Economists associate economic depression with price deflation. However, traditionally, debts that are beyond an economy’s ability to service are inflated away. This suggests that the coming depression will be an inflationary depression. Instead of falling prices mitigating the effects of falling employment, higher prices will go hand in hand with rising unemployment--a situation worse than the Great Depression.

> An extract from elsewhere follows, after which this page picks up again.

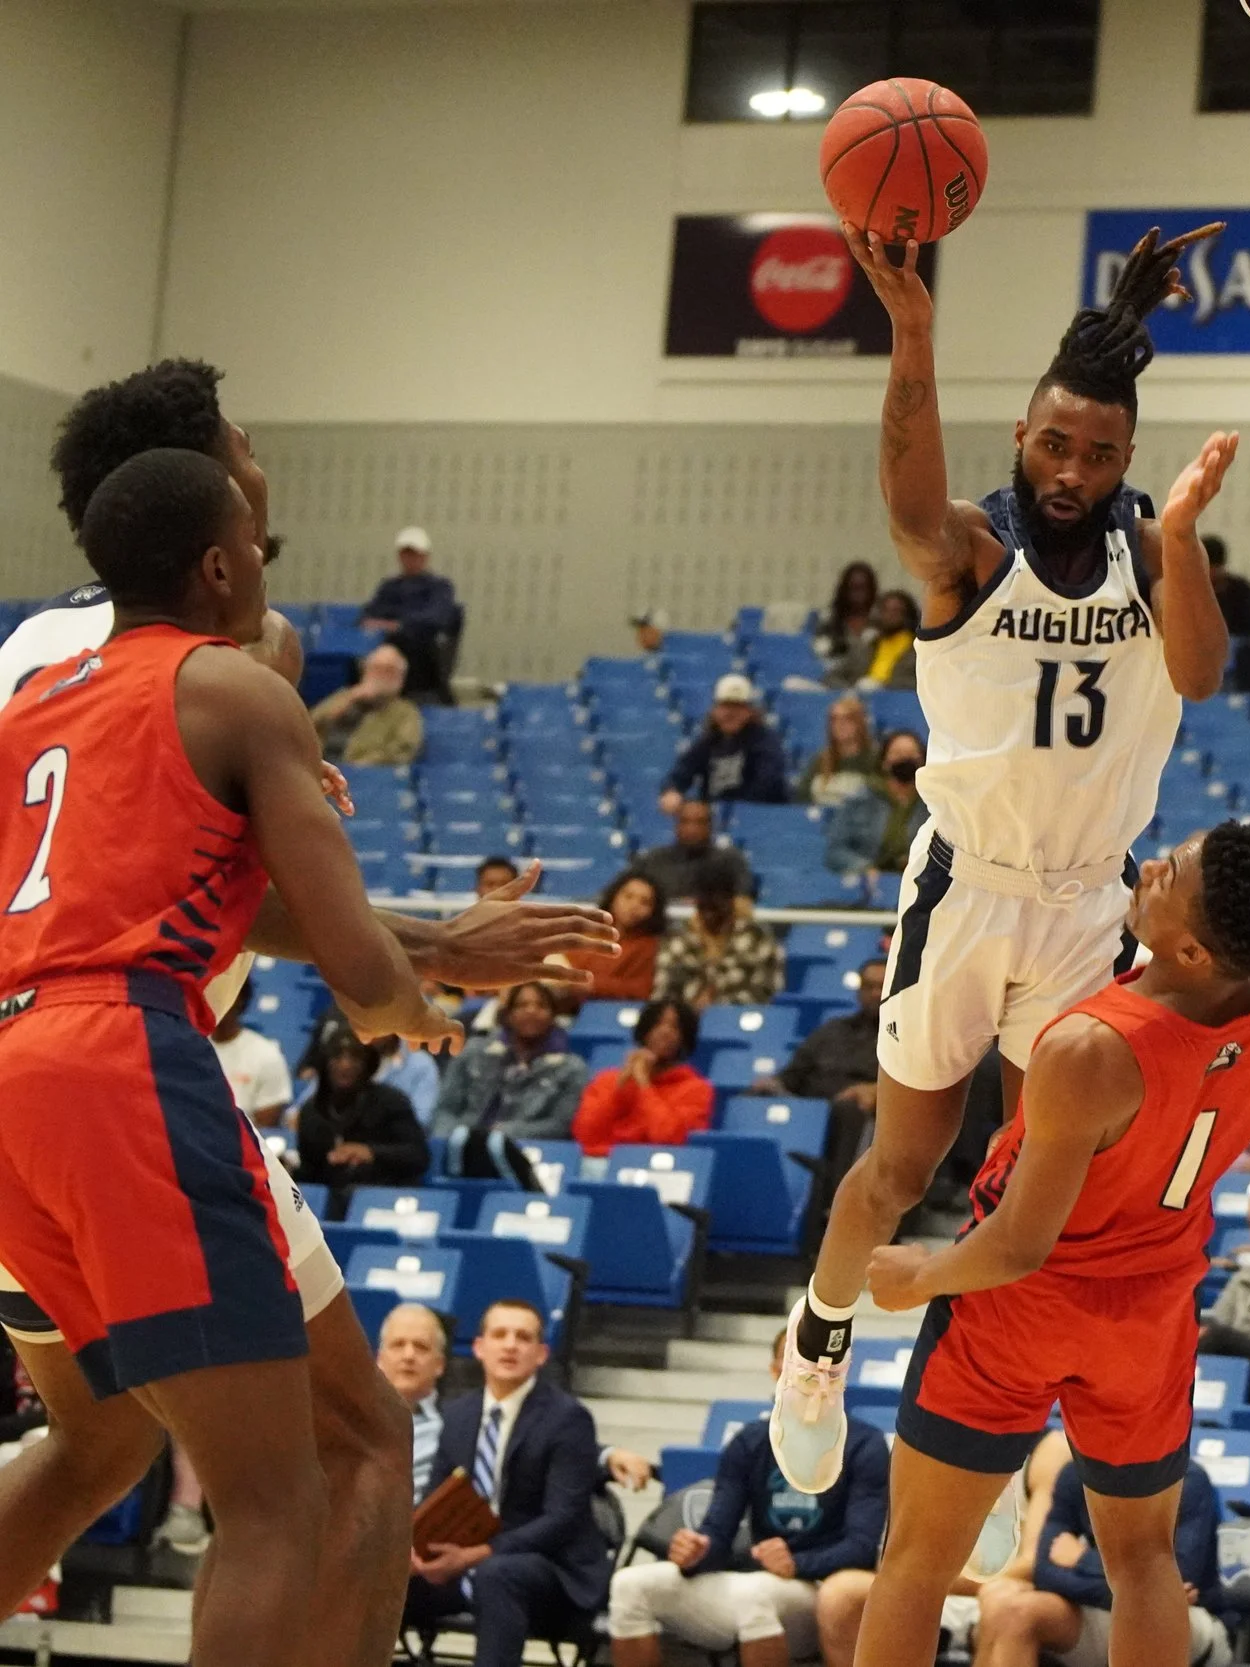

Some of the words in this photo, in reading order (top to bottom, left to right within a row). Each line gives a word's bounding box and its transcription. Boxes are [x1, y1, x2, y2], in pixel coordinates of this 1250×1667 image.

"Instead of falling prices mitigating the effects of falling employment, higher prices will go hand in hand with rising unemployment . . ."

I guess that means that the unemployed will have to be selling $10 apples on streetcorners.

During the last Great Depression, a good percentage of the unemployed families followed crops around the country, seeking work in the fields and canneries of America. Unfortunately this time around, those jobs have already been taken.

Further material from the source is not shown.